Le giornate di Doju iniziano all'alba. "Mi do in pasto alla vita – racconta – non voglio sprecarne nemmeno un istante. Insegno danza, curo i miei gatti, scrivo poesie e pratico la calligrafia cinese antica. E medito. Non potrei farne a meno. Per me è come mangiare, come dormire. Un bisogno primario. Ora so che non sono stata io ad essere andata incontro allo zen. E' stato lui ad aver scelto me. Cambiando la mia vita».

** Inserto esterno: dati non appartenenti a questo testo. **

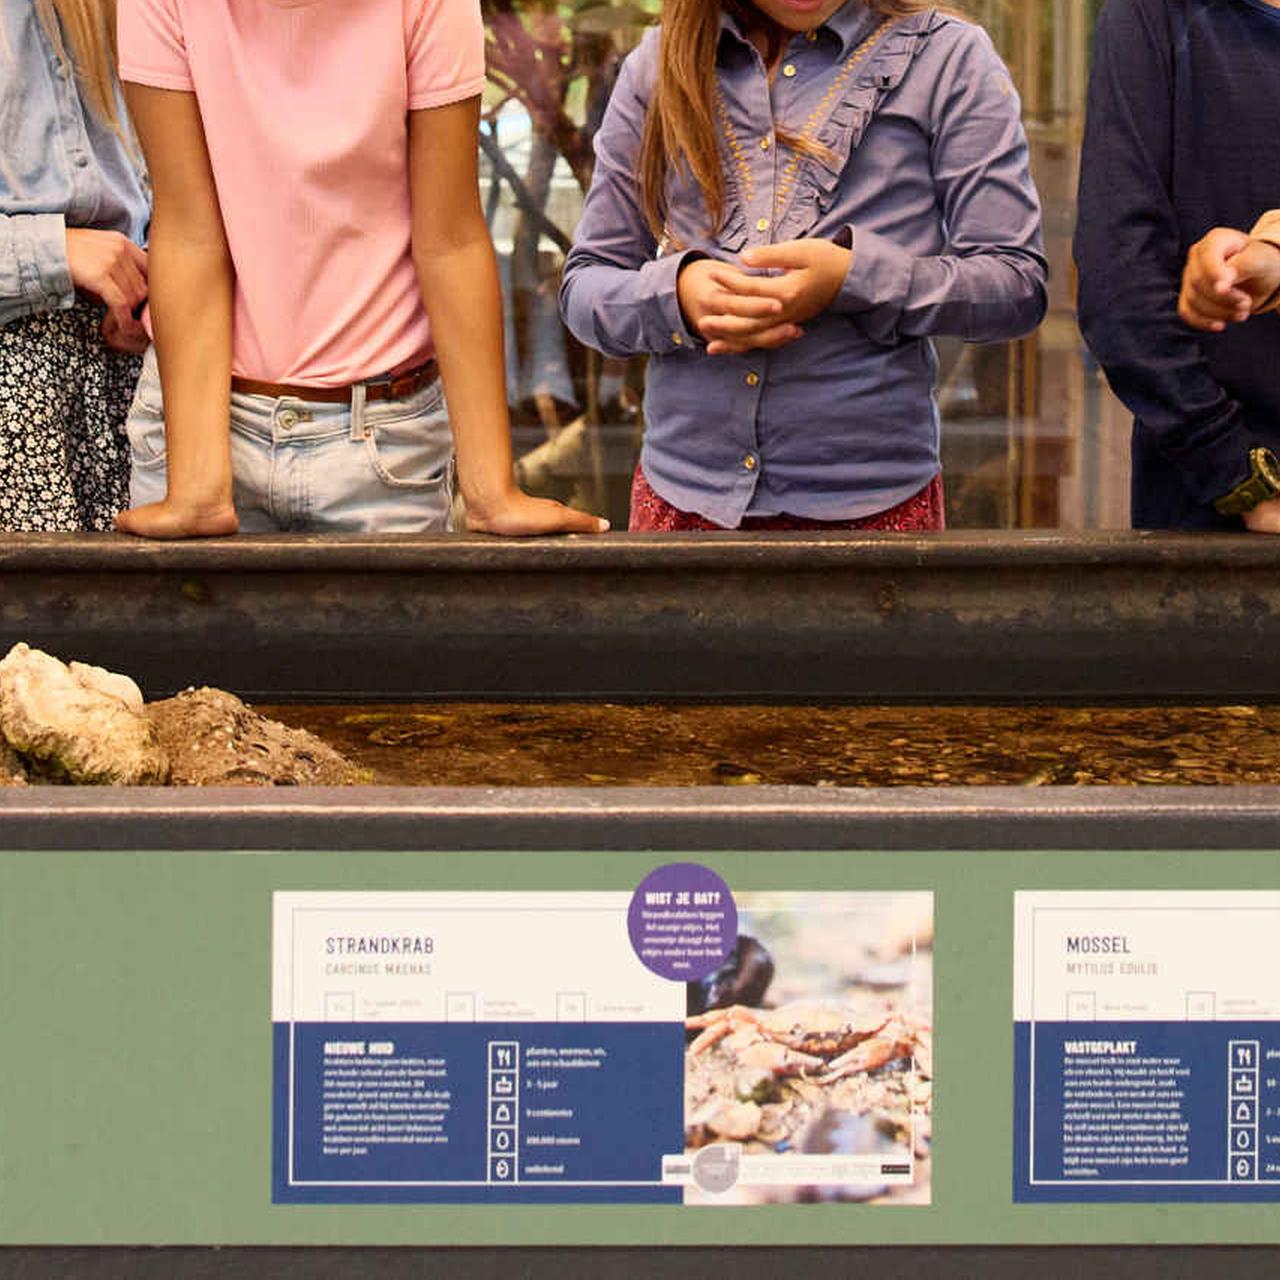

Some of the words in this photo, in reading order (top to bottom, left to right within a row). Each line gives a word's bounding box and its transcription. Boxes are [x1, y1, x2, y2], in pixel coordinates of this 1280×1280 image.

Doju ha 58 anni, ma ne dimostra almeno 10 di meno. In ogni sorriso si intravede la sua terra, il Brasile. Quei colori, quei suoni, sono dentro di lei. Dice di conservare il proprio paese nella pancia, all'interno, anche se è in Italia da più da quasi quarant'anni. Quasi come in un curioso paradosso, l'allegria di un Sud America che balla sposa la spiritualità orientale. Due mondi apparentemente distanti che in Doju si intersecano. E si fondono. Come piccoli pezzi che combaciano perfettamente in un mosaico enorme.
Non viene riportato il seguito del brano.